#### ABOUT THIS EXERCISE:
Could you transcribe all the entries exactly, omitting the pictures?

#### INFORMATION GIVEN:
···

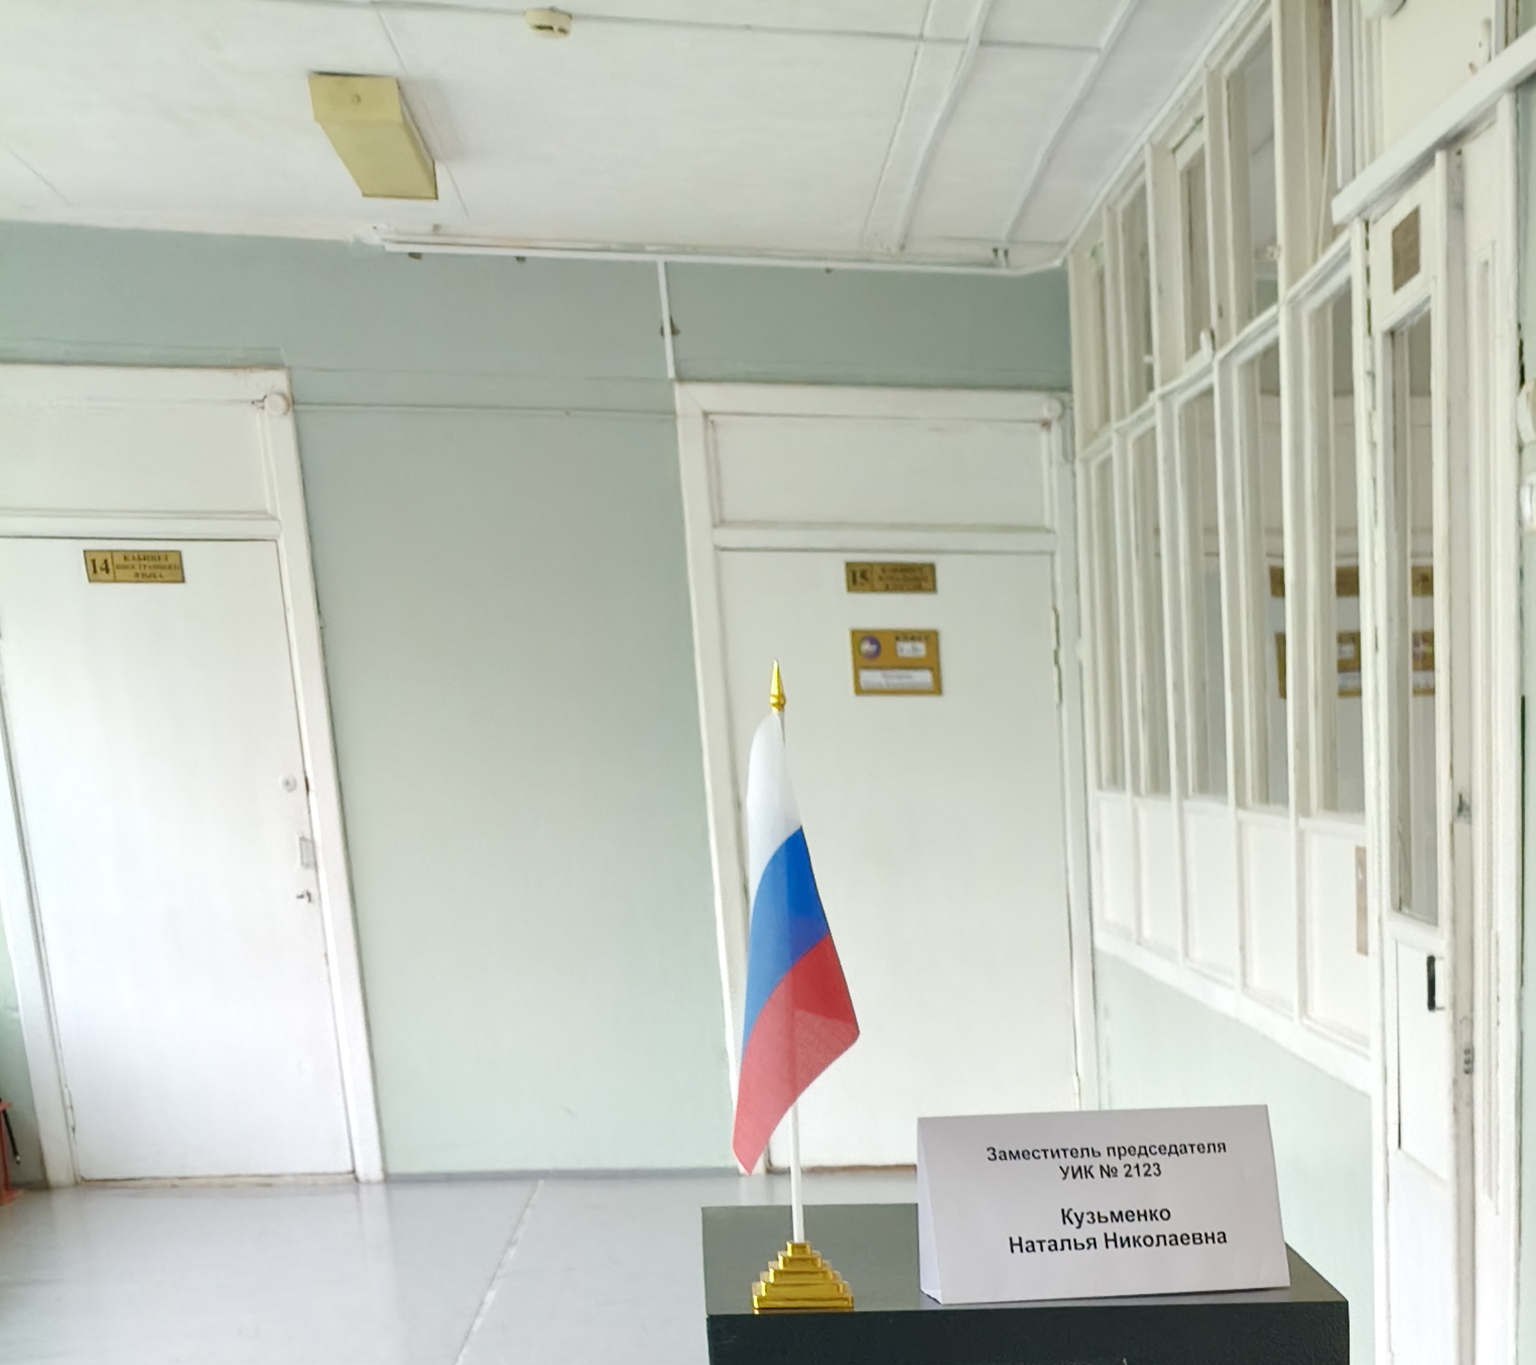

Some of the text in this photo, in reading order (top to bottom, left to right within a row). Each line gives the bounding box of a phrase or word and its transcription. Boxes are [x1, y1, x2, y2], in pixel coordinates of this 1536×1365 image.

[90, 558, 110, 575] 14
[987, 1142, 1227, 1161] Заместитель председателя
[1059, 1162, 1162, 1180] УИК № 2123
[1061, 1208, 1171, 1229] Кузьменко
[1009, 1231, 1227, 1254] Наталья Николаевна
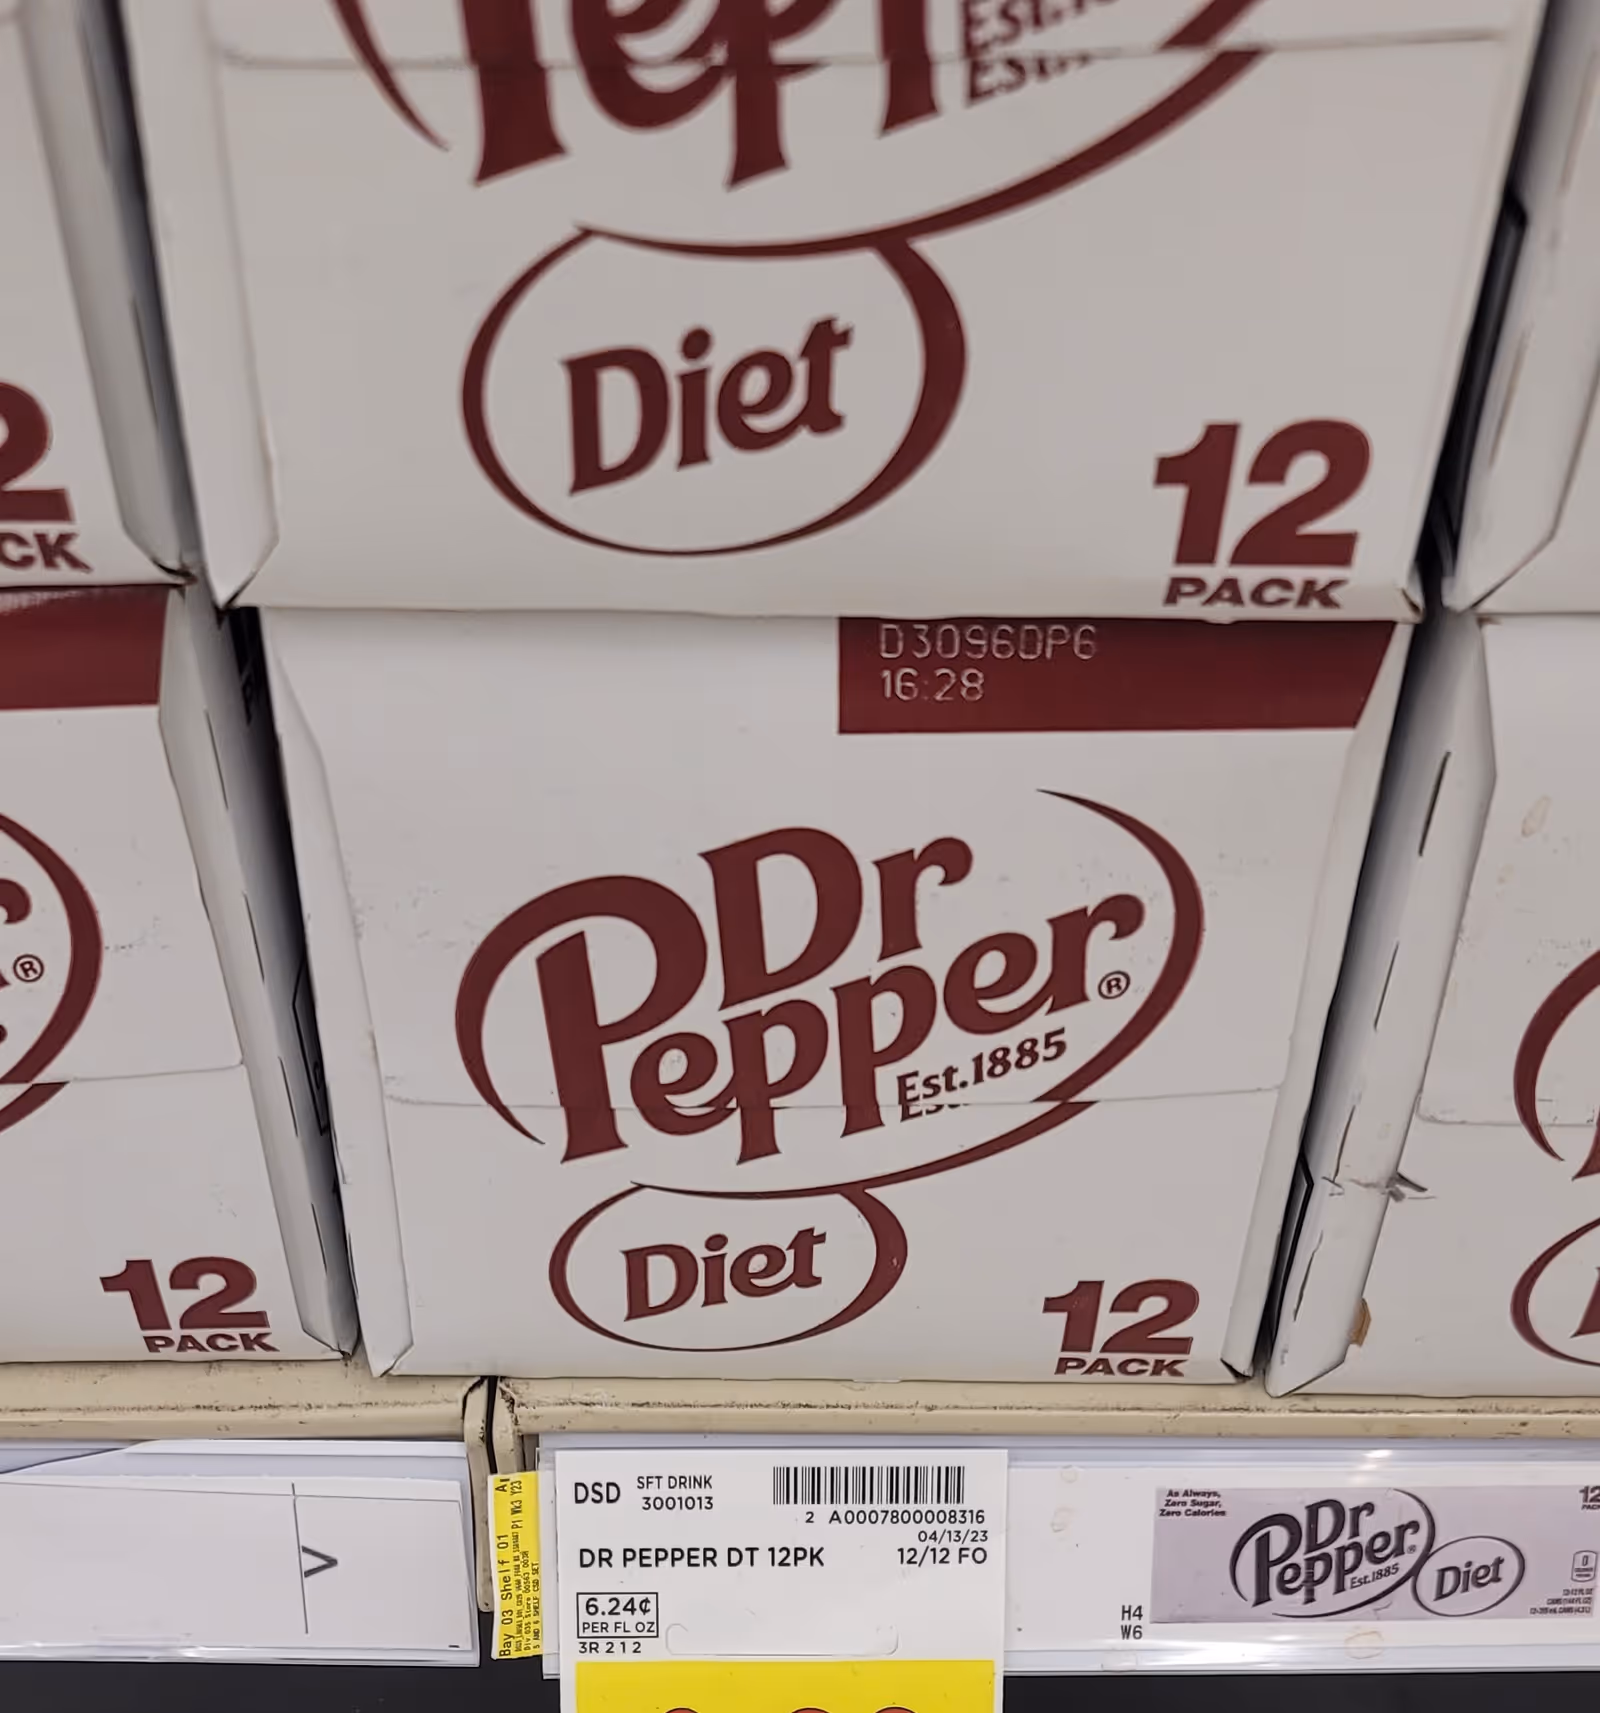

···

#### EXERCISE ANSWER:
Some of the text in this photo, in reading order (top to bottom, left to right within a row). Each line gives the bounding box of a phrase or word and its transcription. Boxes are [x1, y1, x2, y2], in pixel coordinates of this 1536×1365 image.

[90, 558, 110, 575] 14
[987, 1142, 1227, 1161] Заместитель председателя
[1059, 1162, 1162, 1180] УИК № 2123
[1061, 1208, 1171, 1229] Кузьменко
[1009, 1231, 1227, 1254] Наталья Николаевна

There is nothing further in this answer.